Hulond Copeland sits at a table barely able to contain his excitement. His right eye wanders uselessly to the side. His face is a relief map of lumps, divots and lines – battle scars, he calls them – from his long-gone boxing career. He has come to send a message to Colorado: He’s sorry for being such a jerk. And, boy, was he.
Copeland went to prison in 2003 for selling drugs to an undercover cop and taking bribes in exchange for falsifying records for criminals sentenced to community service at his boxing gym in Colorado Springs.
Back then the prosecutor called him “a con man.” The judge was disgusted with him.
Copeland insists he has changed.
“Prison got my attention.”
It was a long time coming.
Copeland grew up in Detroit in the 1960s. “As a kid I wanted to be an anesthesiologist,” he said. But in his neighborhood, nobody went to college. “I wasn’t born with a silver spoon in my mouth.

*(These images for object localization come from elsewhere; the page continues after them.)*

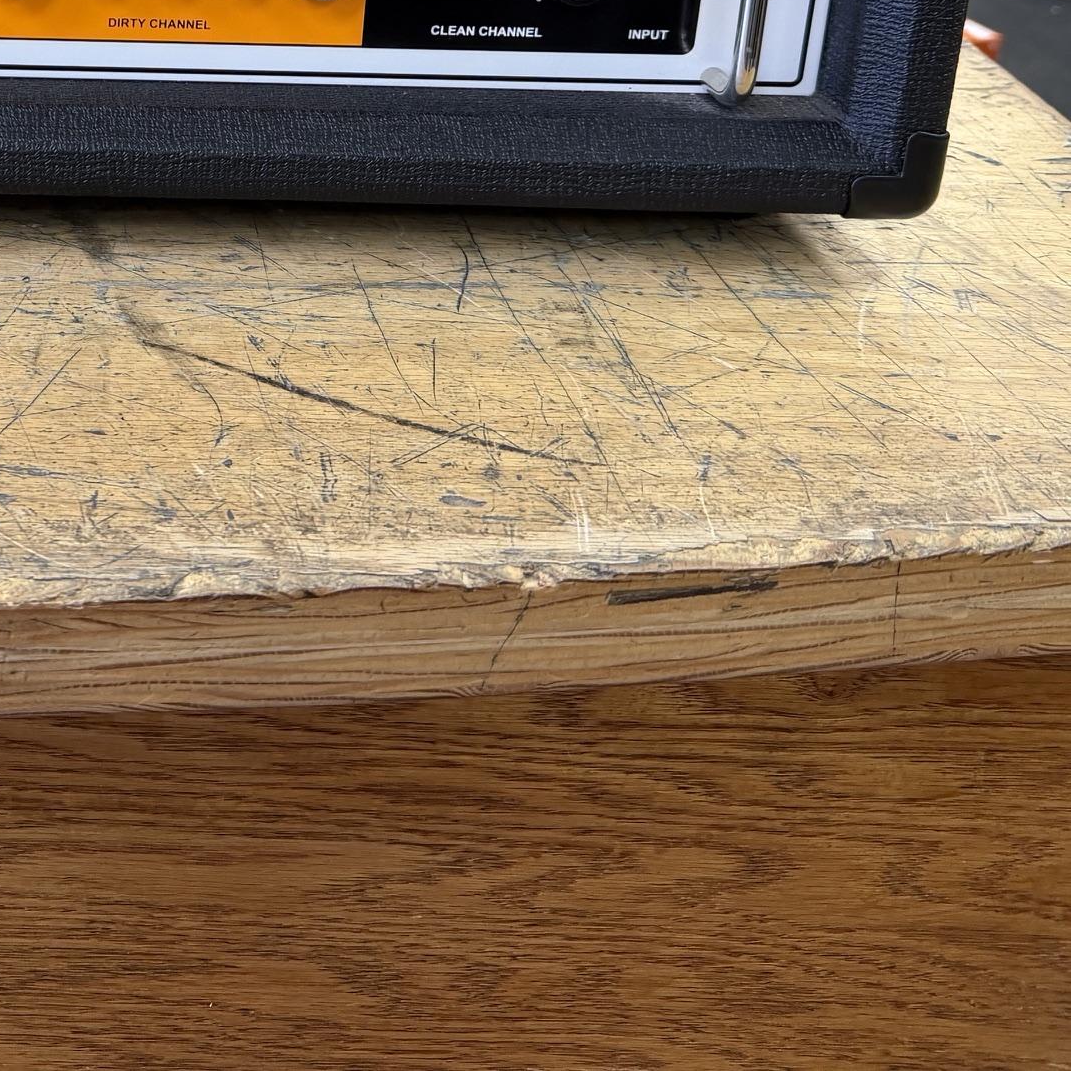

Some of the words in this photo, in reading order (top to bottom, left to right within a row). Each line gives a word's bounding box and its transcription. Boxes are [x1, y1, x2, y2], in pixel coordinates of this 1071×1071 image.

[107, 16, 147, 29] DIRTY
[149, 18, 211, 30] CHANNEL
[430, 24, 476, 37] CLEAN
[478, 25, 543, 38] CHANNEL
[627, 28, 670, 41] INPUT
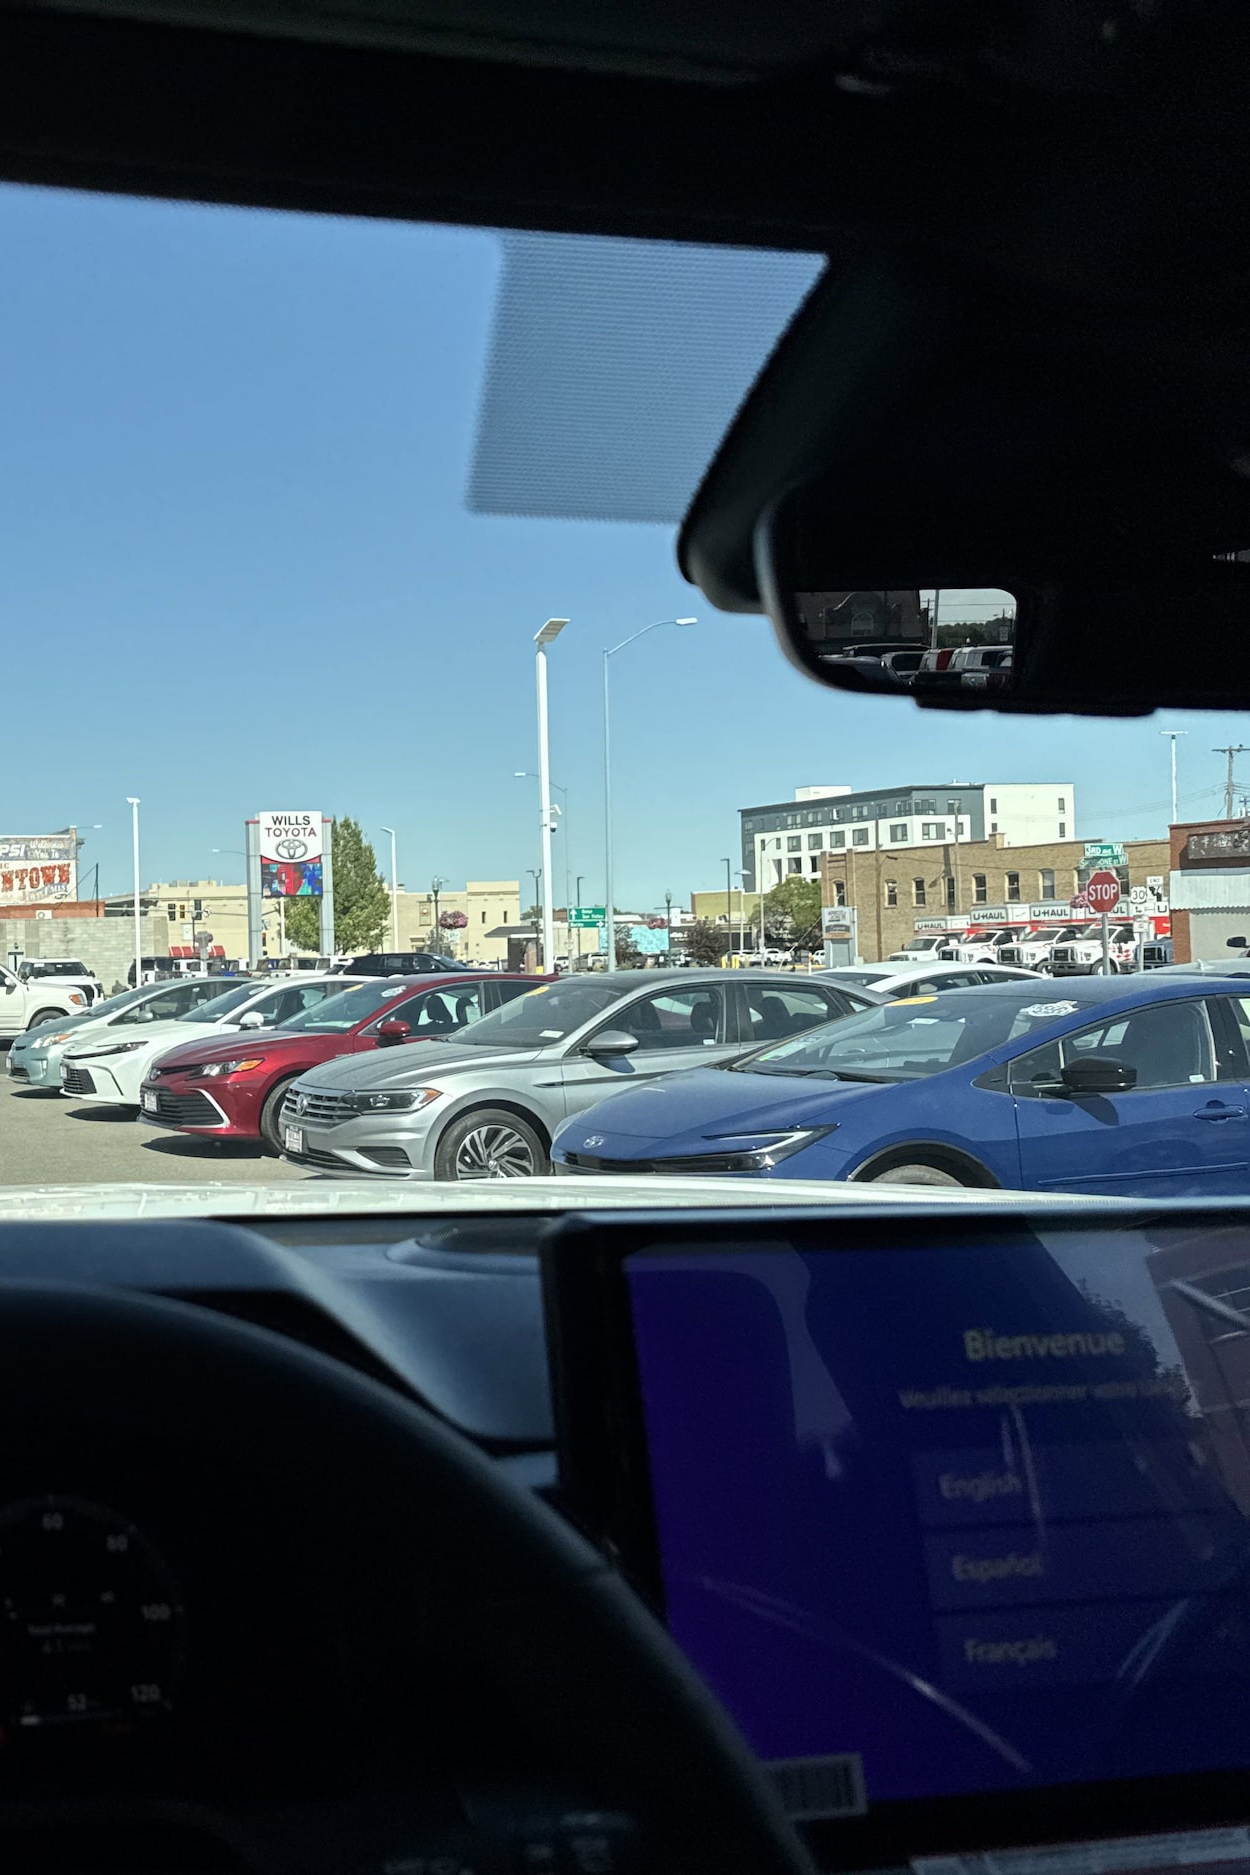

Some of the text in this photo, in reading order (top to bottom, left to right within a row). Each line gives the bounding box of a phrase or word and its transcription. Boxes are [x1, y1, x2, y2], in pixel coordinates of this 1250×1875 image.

[272, 815, 311, 826] WILLS
[264, 827, 317, 838] TOYOTA
[1085, 846, 1102, 856] 3RD
[1112, 845, 1122, 855] W
[1118, 855, 1127, 865] W
[1088, 883, 1118, 901] STOP
[1132, 889, 1146, 900] 30
[973, 911, 1006, 921] U-HAUL
[1032, 908, 1069, 918] U-HAUL
[963, 1329, 1126, 1360] Bienvenue
[939, 1472, 1023, 1501] English
[951, 1553, 1044, 1583] Español
[963, 1638, 1057, 1667] Français

Most of the kids I grew up with are dead.”
Instead of medicine, he took up boxing, and by all accounts, he was good at it.
He trained at the legendary Kronk Gym in Detroit and was a promising amateur until a detached retina ended his career.
Still, he did all right for a while. He married a girl from high school – Wilson Pickett’s daughter Veda – and the couple had two girls. He started coaching, worked in the U.S. Olympic program and moved in 1994 to Colorado Springs, where he opened Copeland’s Gym, a place for troubled kids to fight their way back to productive lives.
For a while he did well. He got grants from El Paso County. Kids were winning titles, finishing school, going off to college, joining the military.
“A lot of my kids did real good,” he said.
Then he messed up.
In 1999, Veda left him.
“I thought I didn’t need her,” he said. “Boy, was I wrong.”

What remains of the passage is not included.